Take a Deep Breath and Say AI

This wearable patch detects chronic respiratory disorders earlier than existing technologies, and may improve their treatment as well.

nickbild
4 days ago Wearables
A wearable patch that monitors chronic respiratory disorders (📷: StethX and the Georgia Institute of Technology)

Hundreds of millions of people globally are affected by chronic respiratory disorders. These conditions, such as asthma and chronic obstructive pulmonary disease (COPD), often result in troubling symptoms like chest tightness and difficulty in breathing. In severe cases, respiratory conditions can even lead to death. COPD is projected to become the number one cause of deaths worldwide within the next ten years. These health conditions are not only significantly reducing the quality of life of those that suffer from them, but they are also straining an already overburdened healthcare system.

Action is urgently needed to address the burdens associated with chronic respiratory disorders. Early detection and regular monitoring of these diseases is an excellent way to improve patient outcomes and reduce the load on healthcare workers. Unfortunately this is easier said than done. Most examinations are still simple lung auscultation procedures, in which physicians listen to the lungs with a stethoscope while their patient breathes.

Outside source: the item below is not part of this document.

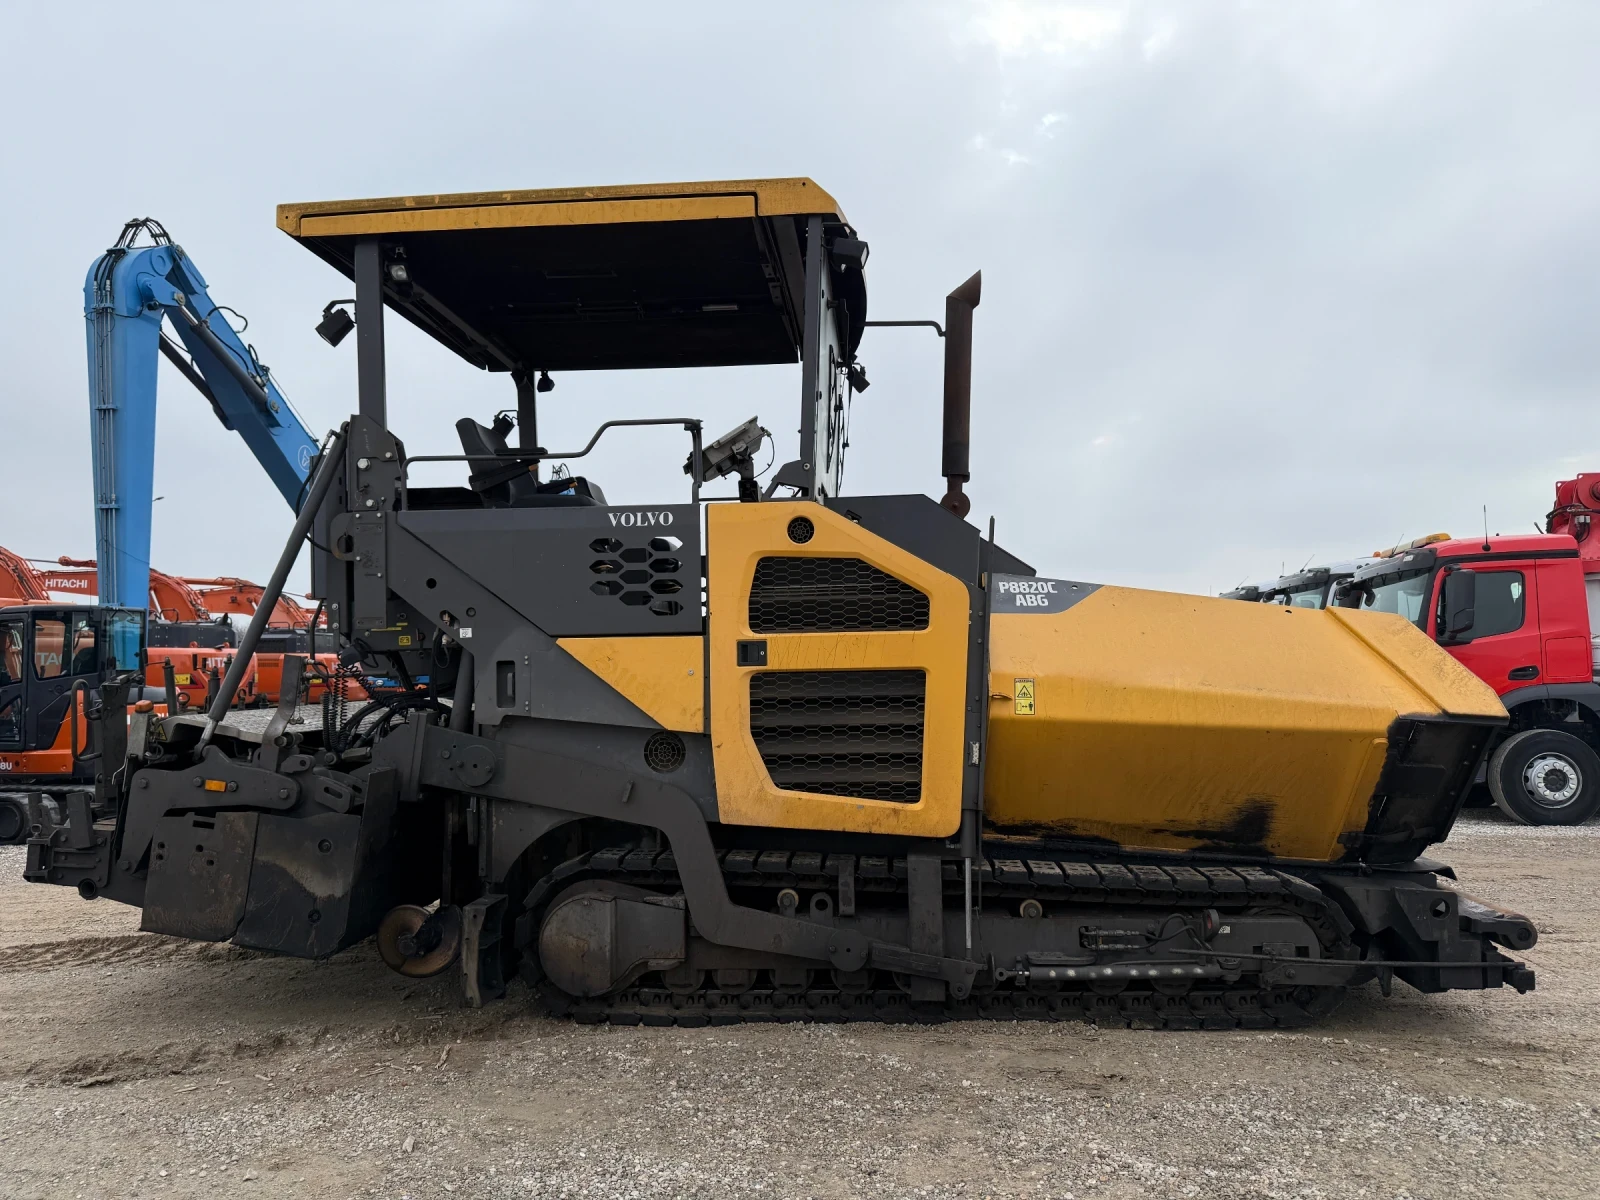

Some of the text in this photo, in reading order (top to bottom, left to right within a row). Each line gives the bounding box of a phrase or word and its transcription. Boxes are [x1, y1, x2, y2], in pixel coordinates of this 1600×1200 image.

[607, 511, 674, 528] VOLVO
[45, 578, 88, 589] HITACHI
[998, 581, 1058, 594] P8820C
[1015, 594, 1049, 607] ABG

This technique is highly subjective, and furthermore, it can only be done infrequently during clinical visits.

The device is currently tethered to a data acquisition unit (📷: B. Sang et al.)

A device called a digital stethoscope has emerged that can overcome some of these issues. It records audio of an individual breathing, then analyzes it computationally to detect wheezes, crackles, and other abnormalities. But these devices are known to pick up ambient sounds in addition to the sound of breathing, which interferes with the instrument’s accuracy. A better option may be on the horizon, however, thanks to the work of a group led by researchers at the Georgia Institute of Technology.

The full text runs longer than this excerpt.